Attention à ne pas confondre avec la religion, elle, toujours mesurée. Le recensement de 2022 donne 47,8 % d'hindous, 18,2 % de musulmans, 0,9 % de sino-mauriciens et 33,1 % de population générale. Mais c'est une répartition religieuse, pas ethnique : un créole converti au christianisme et un franco-mauricien catholique tombent tous les deux dans la même case, alors que tout les sépare. Donc quand tu vois un pourcentage « ethnique » récent et précis à la décimale, méfie-toi : soit c'est de la religion déguisée, soit c'est une estimation qu'on habille en certitude. Mon conseil de terrain : retiens les ordres de grandeur (une majorité d'origine indienne, une forte minorité créole, de petites communautés chinoise et française) et lâche l'obsession du chiffre exact. Pour info, la population totale de l'île tourne autour de 1,3 million d'habitants en 2026.

Le métissage : ce que les cases n'arrivent pas à cocher

Voilà où la Constitution montre ses limites, et où l'île devient vraiment intéressante. Sur le terrain, les quatre cases débordent de partout. Un mariage entre un Tamoul et une créole, un enfant sino-créole, un franco-mauricien qui parle un créole plus roulant que le mien : c'est le quotidien, pas l'exception. La jeune génération, surtout dans les villes du centre comme Rose-Hill ou Quatre-Bornes, coche de moins en moins volontiers une case unique.

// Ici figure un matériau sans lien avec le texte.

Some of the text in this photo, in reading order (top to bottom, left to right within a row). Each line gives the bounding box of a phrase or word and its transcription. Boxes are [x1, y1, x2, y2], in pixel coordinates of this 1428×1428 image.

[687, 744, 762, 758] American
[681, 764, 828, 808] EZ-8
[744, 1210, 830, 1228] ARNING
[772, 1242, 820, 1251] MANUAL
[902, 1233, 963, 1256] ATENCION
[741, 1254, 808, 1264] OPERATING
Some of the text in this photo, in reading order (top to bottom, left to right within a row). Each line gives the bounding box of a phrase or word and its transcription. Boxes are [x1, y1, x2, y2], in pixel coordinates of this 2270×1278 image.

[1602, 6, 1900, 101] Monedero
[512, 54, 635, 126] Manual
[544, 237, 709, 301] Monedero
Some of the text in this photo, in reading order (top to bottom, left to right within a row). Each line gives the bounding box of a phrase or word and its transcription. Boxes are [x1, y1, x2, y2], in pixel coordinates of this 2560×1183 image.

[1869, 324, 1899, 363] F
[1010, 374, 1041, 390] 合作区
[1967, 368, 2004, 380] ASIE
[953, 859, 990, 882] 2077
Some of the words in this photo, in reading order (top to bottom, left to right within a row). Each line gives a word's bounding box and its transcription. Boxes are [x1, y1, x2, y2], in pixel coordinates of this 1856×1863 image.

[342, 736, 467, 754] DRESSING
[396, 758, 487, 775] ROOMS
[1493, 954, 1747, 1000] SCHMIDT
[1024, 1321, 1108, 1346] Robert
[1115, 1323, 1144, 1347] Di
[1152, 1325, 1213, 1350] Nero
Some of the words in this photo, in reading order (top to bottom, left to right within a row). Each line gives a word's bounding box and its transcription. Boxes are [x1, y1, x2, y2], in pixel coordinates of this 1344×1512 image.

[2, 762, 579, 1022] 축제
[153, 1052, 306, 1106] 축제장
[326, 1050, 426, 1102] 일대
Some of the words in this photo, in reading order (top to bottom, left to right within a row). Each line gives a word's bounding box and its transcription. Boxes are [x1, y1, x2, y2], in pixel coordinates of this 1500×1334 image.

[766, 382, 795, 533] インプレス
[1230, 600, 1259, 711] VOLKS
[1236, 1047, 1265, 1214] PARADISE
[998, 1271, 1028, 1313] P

Le vrai ciment, c'est la langue. Le kreol morisien, on le parle absolument tous, quelle que soit l'origine. On apprend à l'école en anglais, on lit les journaux en français, on prie en tamoul, en arabe, en hindi ou en mandarin, et on s'engueule au marché en créole. Ce multilinguisme décomplexé, c'est peut-être la chose la plus mauricienne qui soit.

Le tampon « validé », je le mets sur une manière de voir le pays : ne cherche pas « le Mauricien type », il n'existe pas. Le pays vit une forme d'équilibre communautaire réel, avec ses fêtes partagées (Divali où tout le voisinage récupère des gâteaux, Cavadee impressionnant, Eid, Nouvel An chinois, Noël), mais aussi ses non-dits et ses tensions qui ressurgissent surtout en période électorale. Ne tombe donc ni dans le conte de fées « tout le monde s'aime », ni dans le cynisme « c'est communautariste ». La réalité est entre les deux, et c'est bien plus riche comme ça.

Ce que tu retiens si tu débarques

  • Quatre communautés officielles (hindous, musulmans, sino-mauriciens, population générale), mais c'est un cadre politique, pas la vraie vie.
  • Tout le monde est venu d'ailleurs : colons européens, esclaves africains et malgaches, engagés indiens, commerçants chinois. Aucun peuple autochtone.
  • Pas de recensement ethnique depuis 1972 : les pourcentages « ethniques » précis sont des estimations, à prendre comme des ordres de grandeur.
  • Le créole et le multilinguisme sont le vrai liant national, plus que n'importe quelle case.

Le meilleur moyen de comprendre tout ça, ce n'est pas de lire un tableau de chiffres, c'est de te faire inviter à manger. Un dholl puri avalé debout dans la rue, un mine frit chez le Chinois du coin, un rougaille saucisse chez une famille créole, un briani un jour de fête : la nation arc-en-ciel, elle se goûte, en écoutant le séga, avant de se compter. Et là, promis, tu ne demanderas plus à personne « t'es quoi ? ».